Tackling Issues Facing Working Women While Promoting Gender Equity

Before the Women’s Marches and the #MeToo and Time’s Up movements made headlines and brought issues of women’s rights back to the forefront, Rutgers scholars had been working for decades as ardent advocates through their research, teaching and outreach. Rutgers Today is highlighting many of the women whose work is making a noticeable impact. This article is the latest in our series.
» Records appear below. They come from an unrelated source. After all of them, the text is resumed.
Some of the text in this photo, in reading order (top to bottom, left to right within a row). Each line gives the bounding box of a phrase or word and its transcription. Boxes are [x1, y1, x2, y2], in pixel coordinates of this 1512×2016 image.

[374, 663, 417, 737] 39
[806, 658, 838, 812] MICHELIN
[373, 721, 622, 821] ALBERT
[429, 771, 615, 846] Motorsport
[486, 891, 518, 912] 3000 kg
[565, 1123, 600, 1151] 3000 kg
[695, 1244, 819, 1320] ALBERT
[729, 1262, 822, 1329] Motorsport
From corporate boardrooms to women’s prisons, Dana Britton has brought an incisive vision to the issues that face working women; even a partial listing of her books, reports, and scholarly articles reveals the breadth of her expertise. But Britton, the author of Gender and Prison (Ashgate Publishing, 2005) and Junctures: Case Studies in Women’s Leadership (Rutgers University Press, 2016), among other published works, has done more than research women’s work; she’s worked assiduously to support it and to promote employment equity.

A professor of Labor Studies and Employment Relations at Rutgers University-New Brunswick, she served for six years (from 2012 to 2018) as director of the Center for Women and Work (CWW) at Rutgers School of Management and Labor Relations. For the past 10 years, she’s worked with the National Science Foundation to promote gender equity and organizational change in colleges and universities, and she’s served as a consultant to many universities, helping them to implement those changes.
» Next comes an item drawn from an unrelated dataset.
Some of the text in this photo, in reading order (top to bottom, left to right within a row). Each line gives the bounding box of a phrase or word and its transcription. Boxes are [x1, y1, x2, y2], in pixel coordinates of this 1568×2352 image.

Britton has a unique vantage point for viewing the strides women have made in the workforce – as well as the obstacles they continue to face.

“It’s worth noting,” she says, “that many more women have moved into traditional ‘men’s jobs,’ like business, than the opposite.” But she adds a significant caveat. “That news may not be as good as it sounds, as we know that when occupations switch from majority male to majority female, wages tend to decline.” And when women move into traditionally male jobs, they experience a considerable wage gap.

“Many more women have moved into traditional ‘men’s jobs,’ like business, than the opposite . . . when occupations switch from majority male to majority female, wages tend to decline.”

In veterinary medicine, which is now dominated by women, men still earn 15 percent more than women. Optometry, another rapidly “feminizing” occupation, has a similar gap. And among physicians and surgeons, women earn only 63 percent of what men do. Britton cites a study showing that, among newly trained physicians in New York State, men made on average $16,819 more per year. And even when men do move into “women’s” jobs, they fare better than their female counterparts: in 2016 female registered nurses made only 90 percent of what male registered nurses did.

Britton notes that there hasn’t been a wage gap in pharmacy, perhaps because pharmacists are “interchangeable” in a way other professional might not be, “a fact that facilitates work/family balance and time out of the labor force,” Britton says. It’s likely easier, for example, for a pharmacist to take several months off than a surgeon or the president of a corporation.

She offers other factors that contribute to the wage gap. “At the C-suite level in corporations,” she says, “personal networks still matter a lot, and women tend to be excluded from these networks.” In addition, harassment and discrimination are contributing factors, at all levels of employment. A bias that favors men still exists, affecting not just pay but hiring and promotions as well.

Britton points to one so-called “audit” study in which scientists were shown application materials for a potential lab manager and asked to rate them for various factors. There were two sets of identical materials, one for a male applicant named John and the other for a female, Jennifer. Overall, John was considered more competent and employable, and the scientists offered him a higher starting salary and said they would be more likely to mentor him.  Jennifer, on the other hand, was rated as more “likeable.”

And when women are hired, the work that they’re often given is less likely to lead to a promotion. “In my own study of university faculty,” says Britton, “I found—as have others—that women wind up doing a disproportionate share of high-demand, low-status service, and hence have less time to do the things that really matter for promotion.”

Britton sees the remedy for many of these inequities in policy solutions “that would help minimize the impact of women’s greater family responsibilities: paid parental leave, paid sick leave, and child care.” In virtually every other developed country in the world, she notes, these policies are written into law. “In the United States,” she says, “we’ve tended to leave these matters to the private sector.” The data clearly shows that, thus far, doing so hasn’t made a sufficient impact. As Britton noted in a 2017 online opinion piece, “the impact of the wage gap on the lives of women and children is tremendous.”